### Task description
Could you please reproduce the entries exactly, leaving out any pictures?

### Exercise data
***

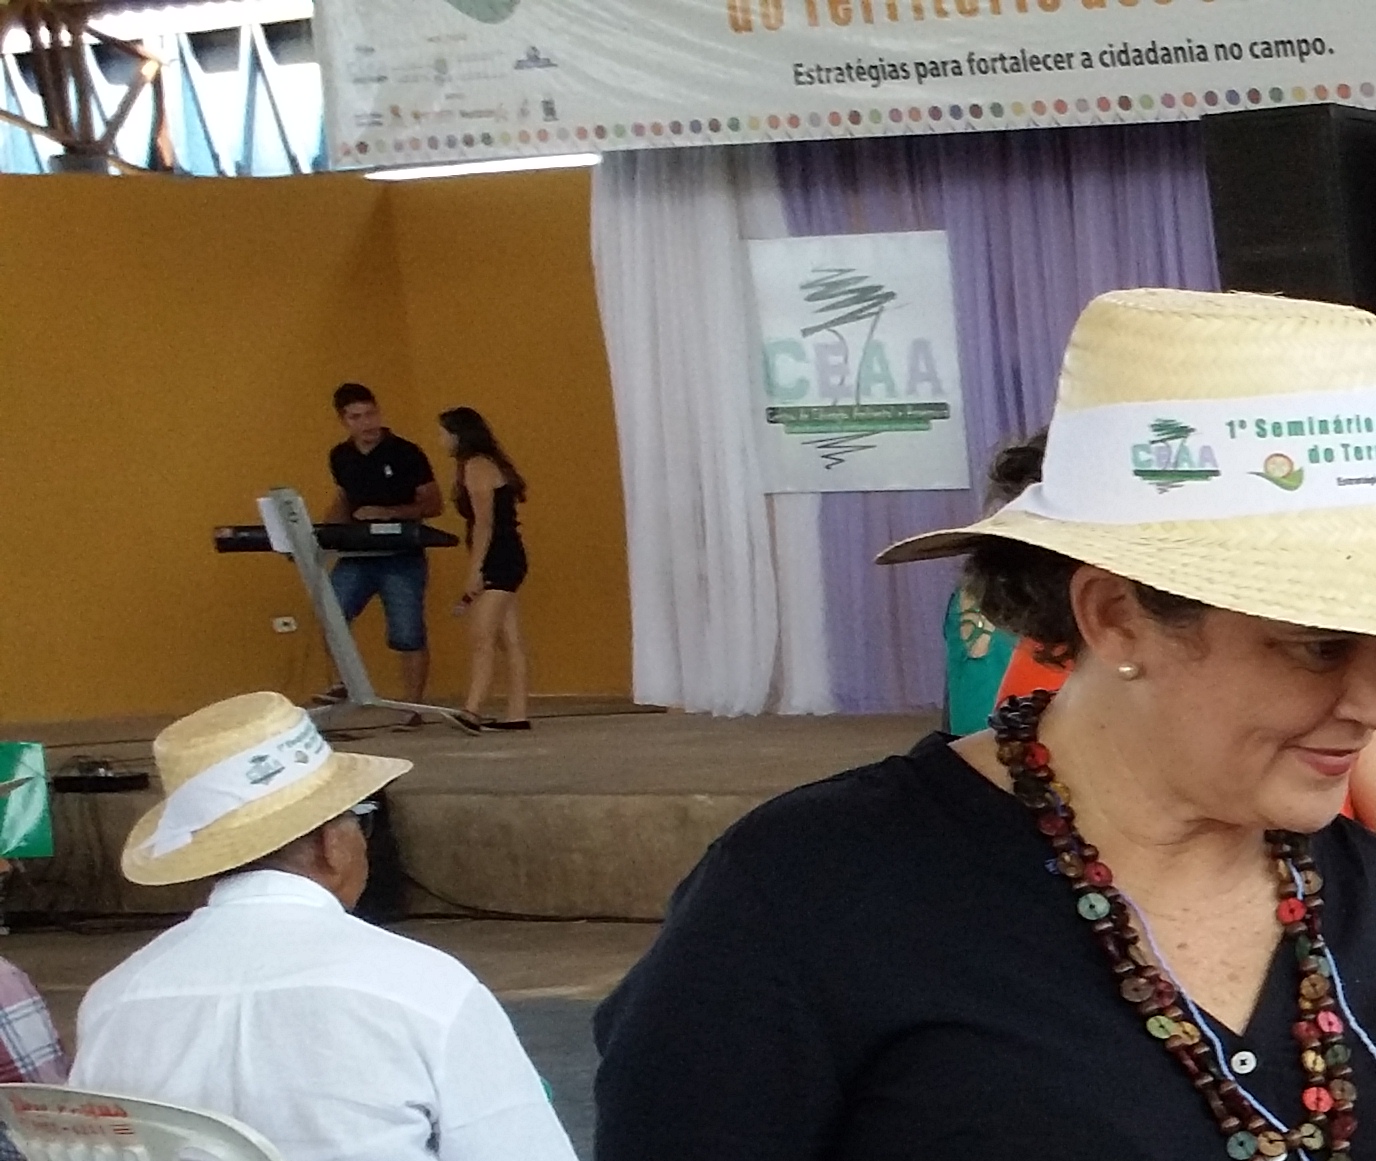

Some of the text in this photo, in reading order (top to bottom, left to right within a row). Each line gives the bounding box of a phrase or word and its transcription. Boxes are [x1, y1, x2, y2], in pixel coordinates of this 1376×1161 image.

[793, 36, 1334, 88] Estratégias para fortalecer a cidadania no campo.
[763, 336, 946, 401] CEAA
[1225, 418, 1247, 439] 1º
[1254, 415, 1374, 439] Seminário
[1131, 443, 1219, 469] CEAA

***

### Response to the exercise
Some of the text in this photo, in reading order (top to bottom, left to right within a row). Each line gives the bounding box of a phrase or word and its transcription. Boxes are [x1, y1, x2, y2], in pixel coordinates of this 1376×1161 image.

[793, 36, 1334, 88] Estratégias para fortalecer a cidadania no campo.
[763, 336, 946, 401] CEAA
[1225, 418, 1247, 439] 1º
[1254, 415, 1374, 439] Seminário
[1131, 443, 1219, 469] CEAA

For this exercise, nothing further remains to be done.